[Aim of the exercise]: Only the pictures should be dropped; every line of the data must come back exactly as written.

[Entries shown]:

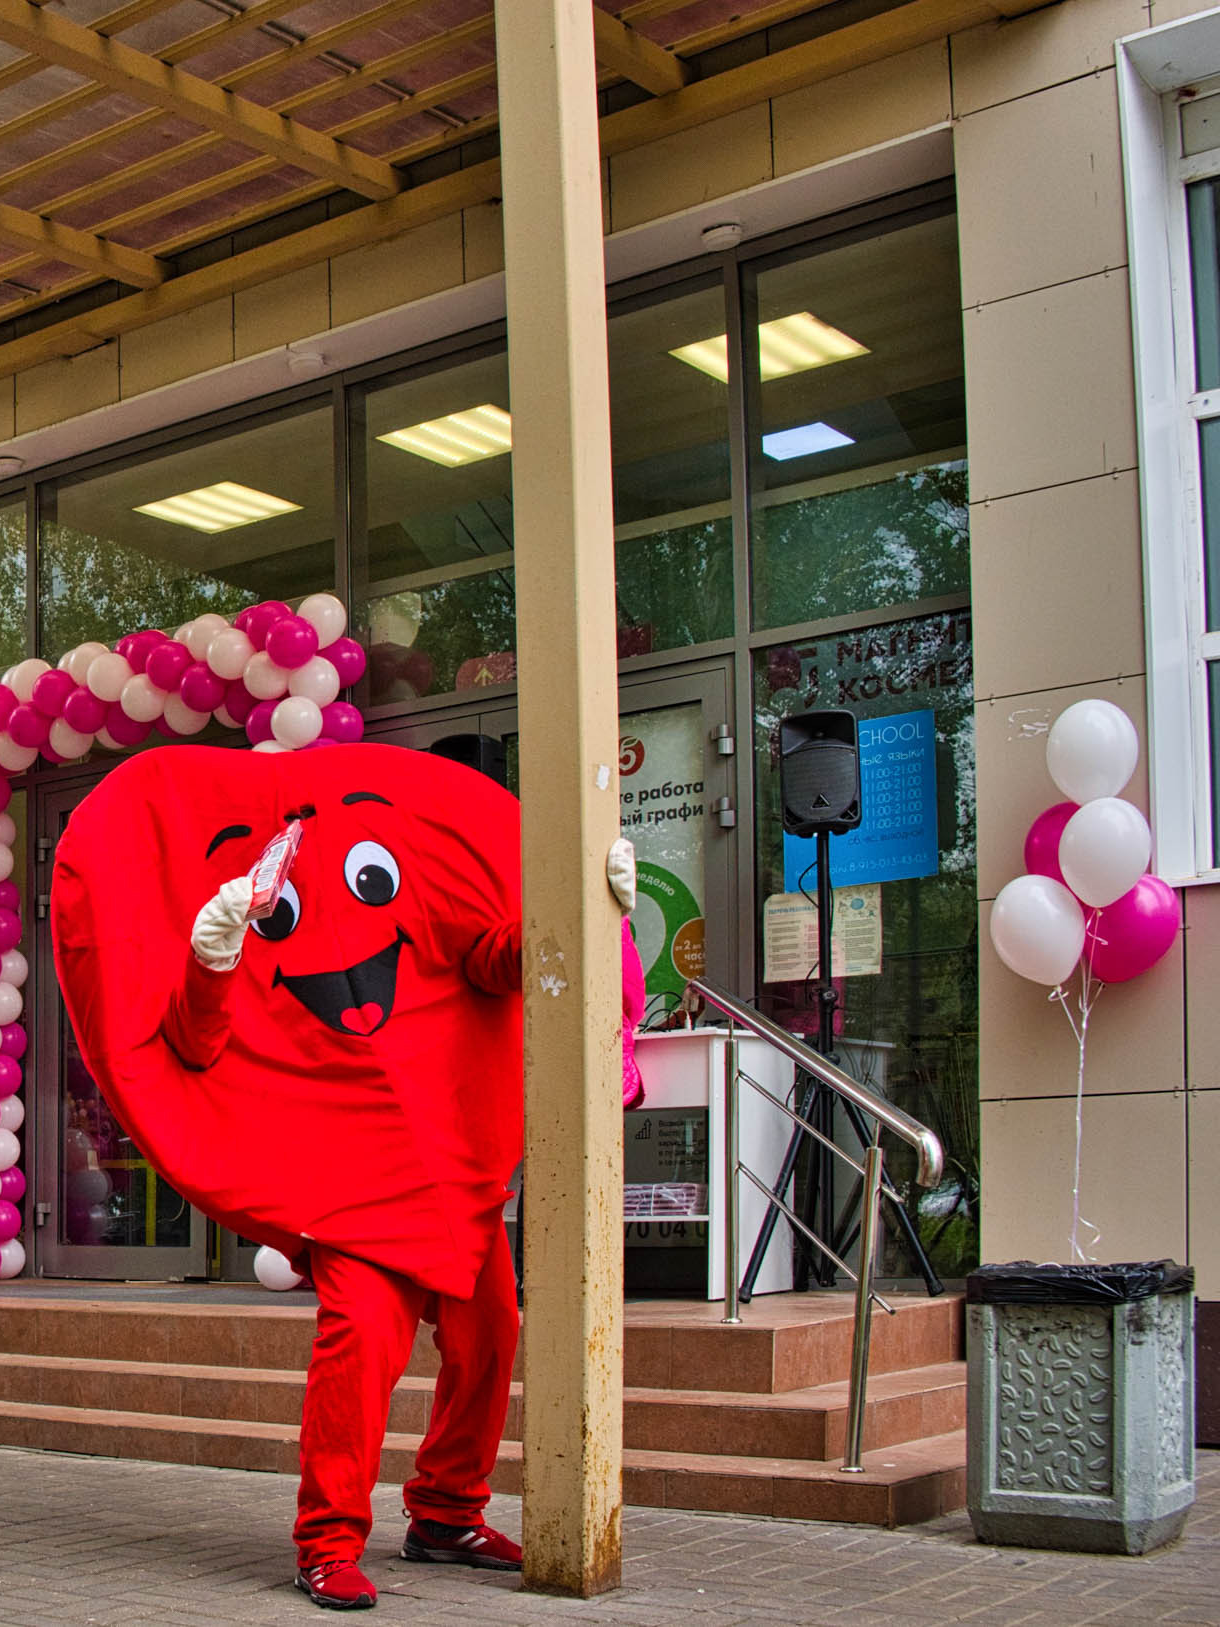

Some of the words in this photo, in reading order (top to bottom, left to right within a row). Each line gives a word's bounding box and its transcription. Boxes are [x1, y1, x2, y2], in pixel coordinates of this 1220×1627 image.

[837, 656, 972, 705] КОСМЕ
[858, 721, 924, 748] CHOOL
[638, 781, 704, 805] работа
[684, 951, 706, 962] час
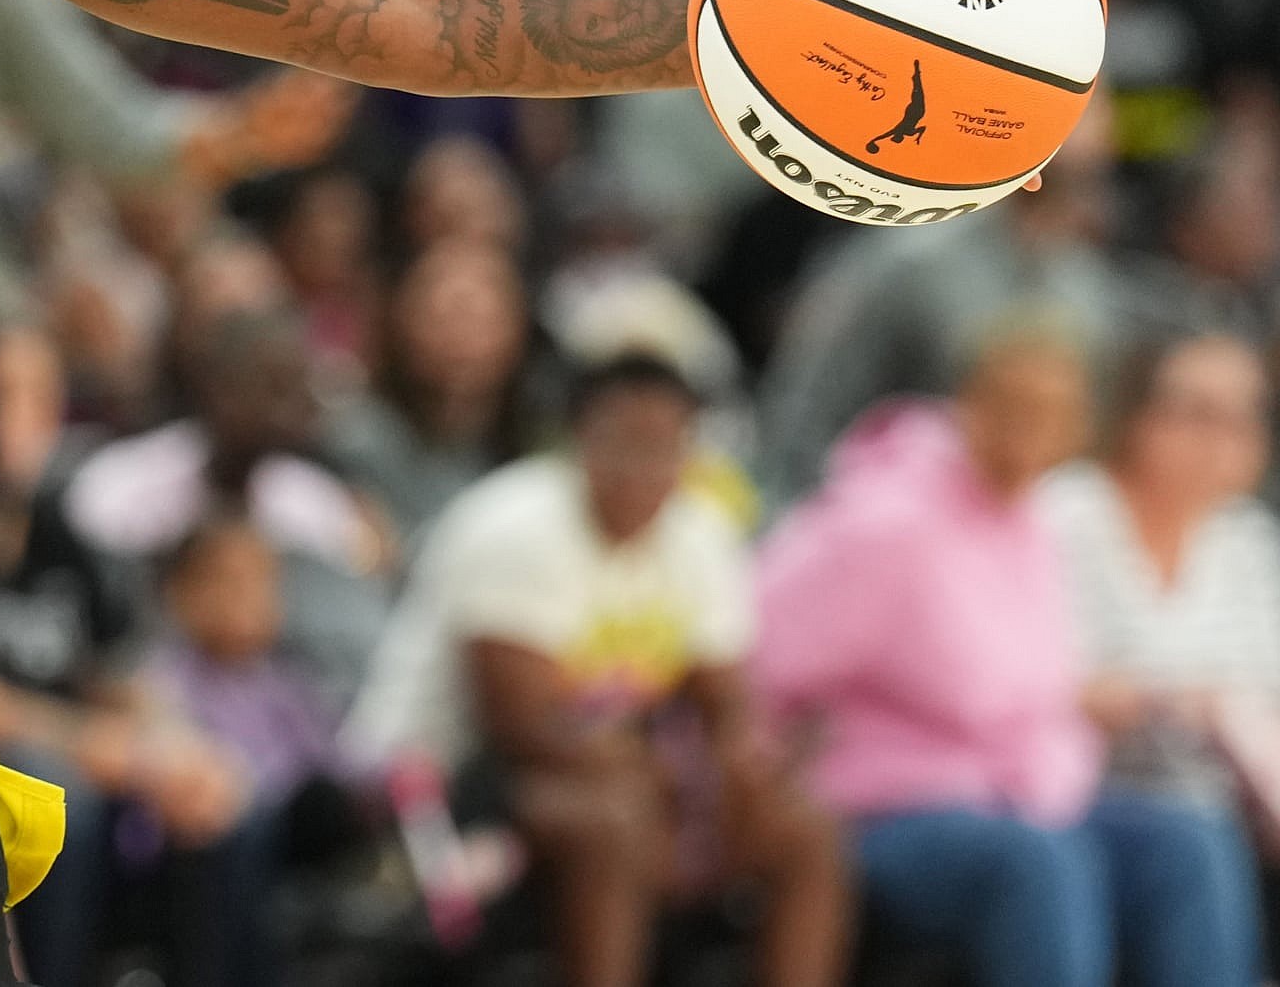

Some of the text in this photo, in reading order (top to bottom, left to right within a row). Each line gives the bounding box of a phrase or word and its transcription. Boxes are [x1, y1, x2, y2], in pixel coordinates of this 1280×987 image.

[Written solution]:
Some of the words in this photo, in reading order (top to bottom, left to right within a row). Each line gives a word's bounding box and its transcription. Boxes are [x1, y1, x2, y2], in pixel coordinates of this 1220×1627 image.

[837, 656, 972, 705] КОСМЕ
[858, 721, 924, 748] CHOOL
[638, 781, 704, 805] работа
[684, 951, 706, 962] час

Some of the text in this photo, in reading order (top to bottom, left to right within a row). Each line gives the bounding box of a phrase or word and its transcription. Boxes are [x1, y1, x2, y2], in pixel coordinates of this 1280×987 image.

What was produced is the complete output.